Installation view of ‘Hardcore: A Century & a Half of Obscene Imagery’ at the Museum of Sex, New York (all images courtesy the Museum of Sex)
How should a sex museum excite visitors while staying true to a sex-positive mission?
This question haunts Hardcore: A Century & a Half of Obscene Imagery, the Museum of Sex’s recently opened permanent exhibition that assembles erotic films, photographs, booklets, and drawings from the past 150 years to prove that our ancestors — yes, even those seemingly prim Victorians — had erotic desires as expansive and imaginative as yours or mine.

“Untitled Photograph of Woman Inserting Candle” (c. 1890–1900), from the Collection of Mark Rotenberg (click to enlarge)
Long before 1972’s Deep Throat, Victorian-era photographers captured all kinds of sex acts, from ejaculation (that sought-after “money shot”), to same-sex and fetish scenes. Several photographs in Hardcore combine multiple tropes, for example, images of women penetrating each other with candlesticks, an experiment in early, homespun dildos.
Also on view are “stag films,” which were silent erotic films screened in secret for men in clubhouses, private homes, or brothels. The most memorable example is “Eveready Harton,” a punnily-titled, late-1920’s cartoon porno allegedly made for famous comic strip artist Winsor McCay. The title character is not human, but genital: a gargantuan, oblong member that coaxes Eveready toward every girl and creature in his path. (And some inanimate objects, too.)

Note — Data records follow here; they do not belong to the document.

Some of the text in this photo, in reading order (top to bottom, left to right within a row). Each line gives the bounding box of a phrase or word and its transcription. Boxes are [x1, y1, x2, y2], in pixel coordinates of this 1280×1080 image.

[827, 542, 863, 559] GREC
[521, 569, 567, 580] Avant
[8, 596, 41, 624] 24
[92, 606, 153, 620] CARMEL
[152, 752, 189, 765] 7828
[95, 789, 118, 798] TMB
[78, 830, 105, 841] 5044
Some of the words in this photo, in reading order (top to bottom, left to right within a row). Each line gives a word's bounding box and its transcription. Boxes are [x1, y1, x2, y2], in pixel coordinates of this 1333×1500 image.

Sexual artifacts like these make clear that generations past were far from prudish or asexual, as popular conception might have us believe, and as was reflected in official historical record until challenged by Foucauldian and feminist historians throughout the past few decades. What remains unclear from the artifacts’ staging, though, is whether Hardcore curators intend us to draw this conclusion with a straight face or a smirk.

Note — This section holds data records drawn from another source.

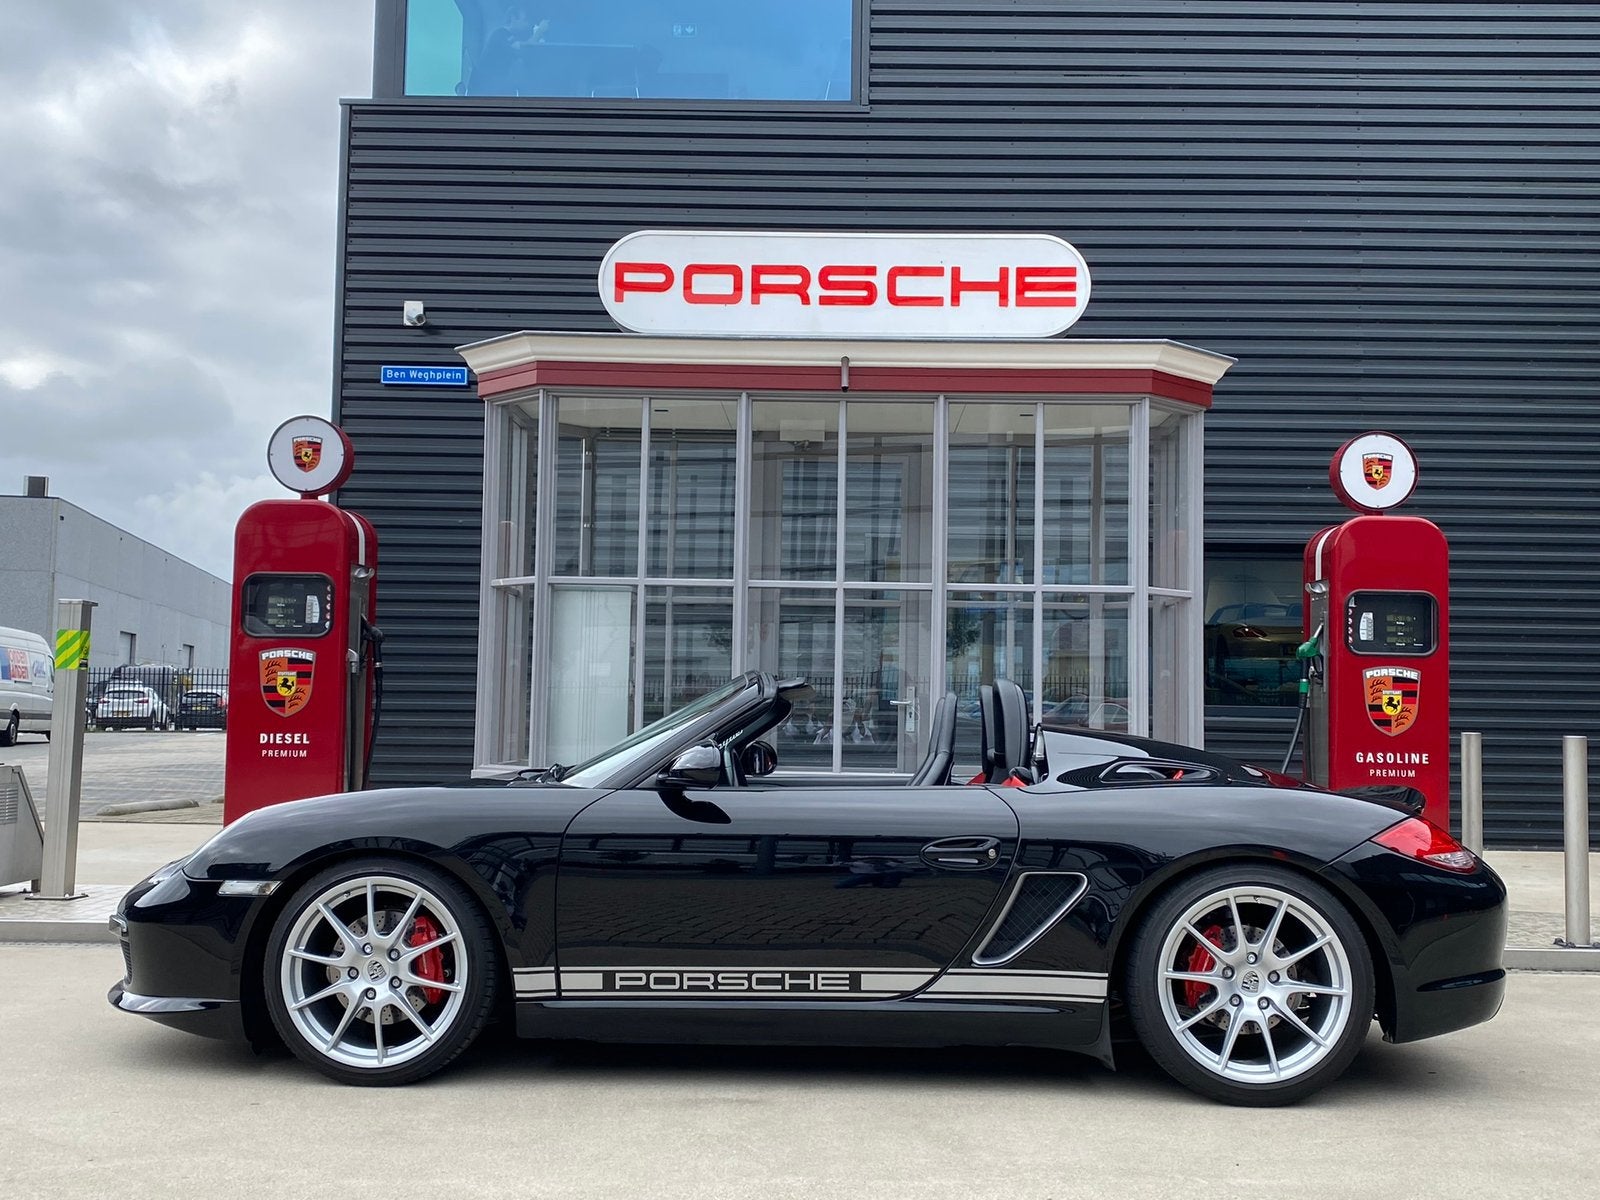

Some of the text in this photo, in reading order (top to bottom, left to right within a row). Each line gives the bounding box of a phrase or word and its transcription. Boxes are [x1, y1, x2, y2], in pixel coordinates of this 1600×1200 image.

[614, 262, 1077, 308] PORSCHE
[386, 369, 462, 382] Ben Weghplein
[261, 649, 314, 661] PORSCHE
[1365, 668, 1419, 680] PORSCHE
[259, 733, 310, 745] DIESEL
[261, 749, 308, 758] PREMIUM
[1355, 751, 1430, 765] GASOLINE
[1369, 768, 1416, 778] PREMIUM
[615, 972, 850, 991] PORSCHE

The confusion lies in the exhibition’s sexy design choices, which undercut its scholarly heft and make a walk through the galleries feel like a game of adult peek-a-boo. Just watch this promo video, full of simmering jazz and red strobe lights, to see the speakeasy-cum-museum atmosphere Hardcore promises.
A far cry from the white cube, here, gallery walls are painted black; the left lighting comically dim, recalling, at best, a shabby porn palace, at worst, the inside of a basement. Some texts are so difficult to read they are de facto censored.

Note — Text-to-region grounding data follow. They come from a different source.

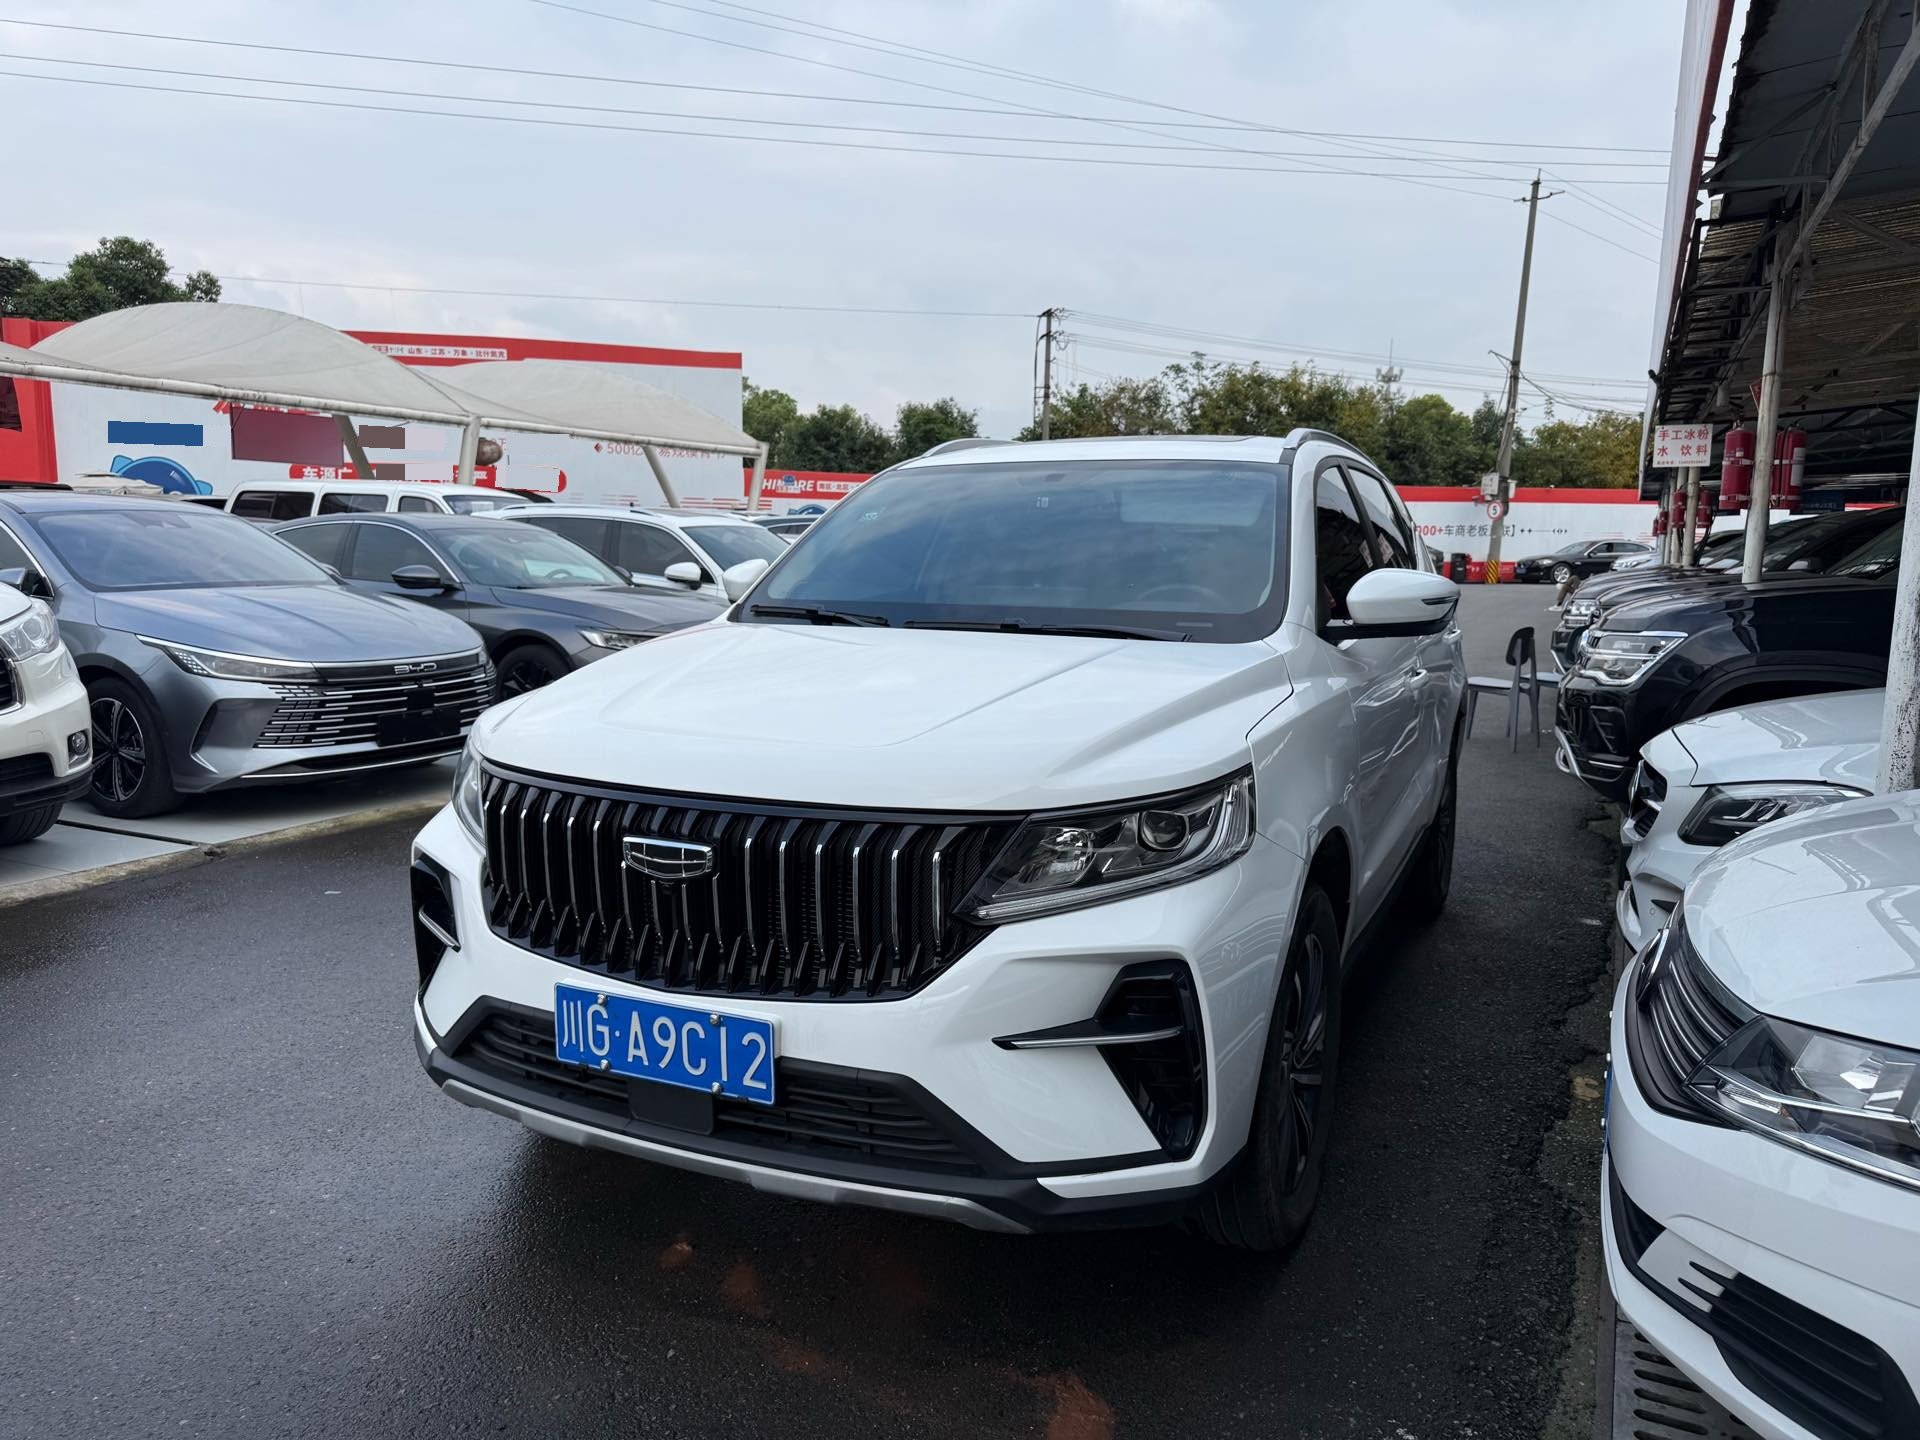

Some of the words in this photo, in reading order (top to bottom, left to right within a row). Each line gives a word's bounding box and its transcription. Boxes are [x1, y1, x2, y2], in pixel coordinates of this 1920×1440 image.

[1657, 429, 1709, 441] 手工冰粉
[1657, 445, 1669, 457] 水
[1680, 444, 1708, 456] 饮料
[1492, 503, 1498, 516] 5
[393, 662, 437, 675] BYD

“Untitled Photograph of Couple with Whip,” artist unknown (c. 1905–1910), collection of Mark Rotenberg (click to enlarge)
Evoking a basement might be intentional. Many of the objects in Hardcore come from private collections, hidden away during their owners’ lifetimes for fear of ostracism or indecency arrest — a particular risk to those whose materials showed queer sex. But if the Museum of Sex’s mission is to “advocate open discourse surrounding sex and sexuality,” it seems an odd, misguided curatorial choice to cast an illicit light (or lack thereof) on the objects on view.
Hardcore’s kitschy exhibition design does little to dispel the notion that the films and photographs on view are dirty, or even shameful, begging the question: how would Hardcore make its bygone porn collectors feel — liberated, or just plain embarrassed?
As the first room of Hardcore reminds us, there’s no need for such coyness. Humans have always made and circulated smut, evidenced in the X-rated mosaics of Pompeii, that ancient Vegas, and the charged erotic novels and illustrations of the Renaissance. And while porn still doesn’t make for polite dinner conversation, it’s an acknowledged part of today’s internet landscape. Statistically speaking, a large portion of us watches it (most technically XXX), and this habit is far more normalized than it was during the lives of the men and women represented in Hardcore, people to whom the museum has a stated responsibility given their historically progressive mission.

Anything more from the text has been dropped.